An Irishwoman's Diary

An N-word is stalking our lives. It is not nuclear, nor nitrates, though the effect is poisonous

An N-word is stalking our lives. It is not nuclear, nor nitrates, though the effect is poisonous. Everywhere it is sneaking up on us. A worthy Sunday publication asserted that its effect was more powerful than advertising. Be afraid for old-fashioned virtues like sincerity or hard work, or picking friends because you like them, for we are living in the age of - Networking, writes Angela Long.

Networking, for the childlike and the good still unfamiliar with this contemporary obligation, is using personal contacts to forward business projects, or an individual's career. Since I leapt from the safety of the mother-ship Irish Times into the murky depths of self-employment, the N-word haunts my dreams.

To get work, network: the advice comes from all sides, from artistic types in the Gaeltacht, from family in the Australian suburbs, even from respectable elderly ones whom I would have expected to believe that networking was some sort of charming crochet or embroidery. "Get networking!" everybody says, and my heart sinks.

For people in mainstream business there are lots of laid-on networking opportunities, at conferences, product launches, chambers of commerce, and so on. Here there is a hybrid quality to the event, in that it is legitimate business but with a window of opportunity that can be pushed open by those with social skills and an ability to sugar the pill of self or corporate advancement.

READ MORE

For folk without that framework you have to create your own network, win friends and influence people. Networking, naturally enough, can be found on the net, with sites (mostly American) recommending net-networking events, such as "a cocktail party with a twist - one-part social event, one part business mixer!" Whee!

"Why hello ..."

Networking holds horrors for me because it is something I feel instinctively I will not be good at, like lap-dancing or politics. "Why hello, Joe! How are you! What can you do for me?" Or standing at the cocktail party and seeing an important editor on the other side of the room - do you abandon the person you are small-talking to in mid-sentence, march up to the desirable group, "Hello everyone, how are we all, who is going to give me a lucrative commission?"

Yes, I know it's not quite like that, and subtlety must be employed. But where is the line drawn where subtle networking becomes invisible networking, so that the long conversation about the movies of Almodovar which you have conducted with a source of potential employment is remembered warmly by them, the only problem being they can't recall what sort of work you said you did. And where is that business card?

But I also feel uneasy about it because it seems that business and the corporate imperative is encroaching further on leisure time, on personal time when the demands of capitalism can be shelved for the satisfactions of the spirit. Why can't we do business deals in a business atmosphere, and then let our hair down at parties.

Richard Marsh is in town, and a networking guru. He is going to teach us all how to network effectively, especially saddos like me lurking in the corner with the one person in the room they knew already.
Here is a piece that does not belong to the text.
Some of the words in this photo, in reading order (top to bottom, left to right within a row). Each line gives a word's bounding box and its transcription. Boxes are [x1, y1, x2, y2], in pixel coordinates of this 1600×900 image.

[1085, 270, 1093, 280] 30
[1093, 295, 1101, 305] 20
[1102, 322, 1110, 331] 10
Marsh, a business consultant and management trainer, gave a seminar on the subject at a Dublin hotel two weeks ago which I missed, unfortunately, but he was kind enough to offer a few insights subsequently, as he rode in a taxi to a lunch appointment.

"I don't lecture, I run interactive sessions, and I try to help people with techniques," he said. "There are a lot of common sense things, like don't stand around with the people you know when you are at a corporate event. How do you tell people the pertinent facts about your company without rabbiting on? And how to remember their names, and facts about them that you bring up the next time you meet."
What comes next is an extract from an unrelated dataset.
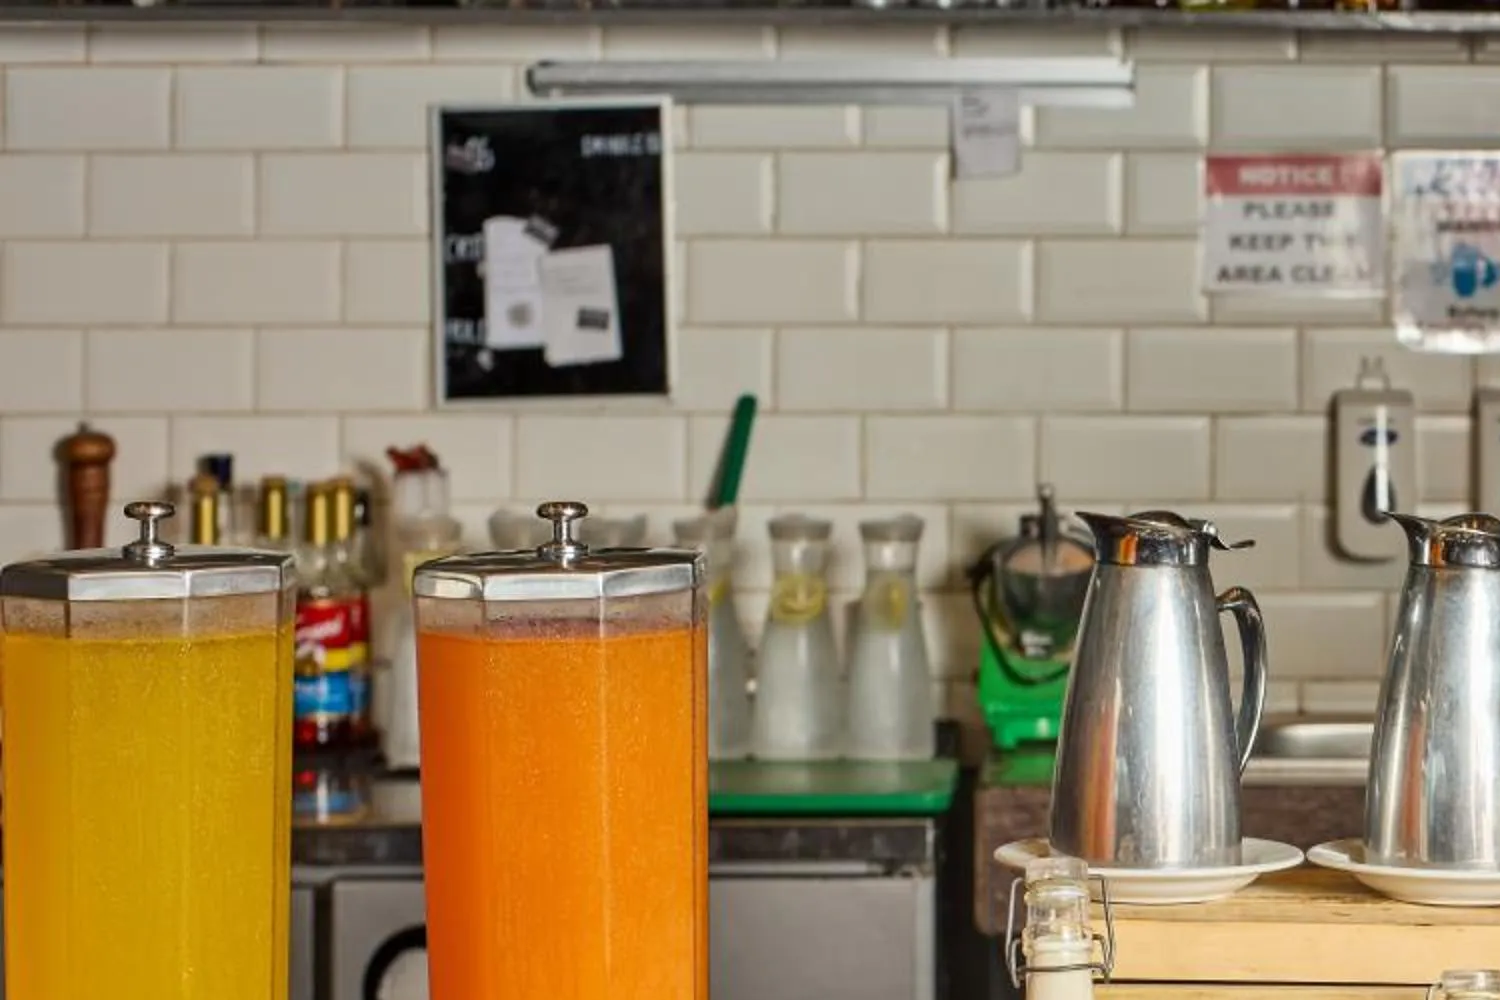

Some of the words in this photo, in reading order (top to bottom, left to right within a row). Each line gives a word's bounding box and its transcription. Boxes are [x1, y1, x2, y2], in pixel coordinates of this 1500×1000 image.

This all sounded very like one William J. Clinton, who went far with his networking, though not knowing when was too far with female networkees was almost fatal.

Big Bill was reputed to have his networking down to a fine art, even as a university student, with a sophisticated card indexing system. On his mini-cards he wrote a person's name, name of their spouse, whether he had seduced them - no, that is made up, but some other fact such as "sailing", "six kids", "Quaker", would help jog his memory for the next time they met.

But isn't the whole concept of networking a little too much? Putting the business imperative in to what is supposedly enjoyable and unpressured social contact?

Wake up and smell the coffee, Richard Marsh might say, except he is far too well-mannered. "Networking is a very effective business to business contact."

Networkophobia

However the phenomenon of the networking-o-phobe is not isolated. Marsh did a survey of what he calls professional service clients, lawyers, accountants, architects and workers of that type, and asked them about networking. Less than 10 per cent of senior people liked it.

"They were uncomfortable about going out and getting business that way," he said. "They love the professional work but not the marketing side of it, which I just call selling. They don't even like the expression, selling, it is something alien to them."

That is an attitude to which I can relate, like a lot of us in the woossy world of journalism. We tell ourselves that we are providing a public service, are the noble Fourth Estate, are over and above the ordinary commercial concerns: that is all eyewash, after all, a newspaper is a product.

Selling, ergh, perish the thought, has to be done as much as reporting, ruminating and pontificating. There are two sides to communication, the same as any transaction, be it ideas or money.

Right: I have my lines, now I'm off to the dentist to make sure that BIG networking grin is equally polished.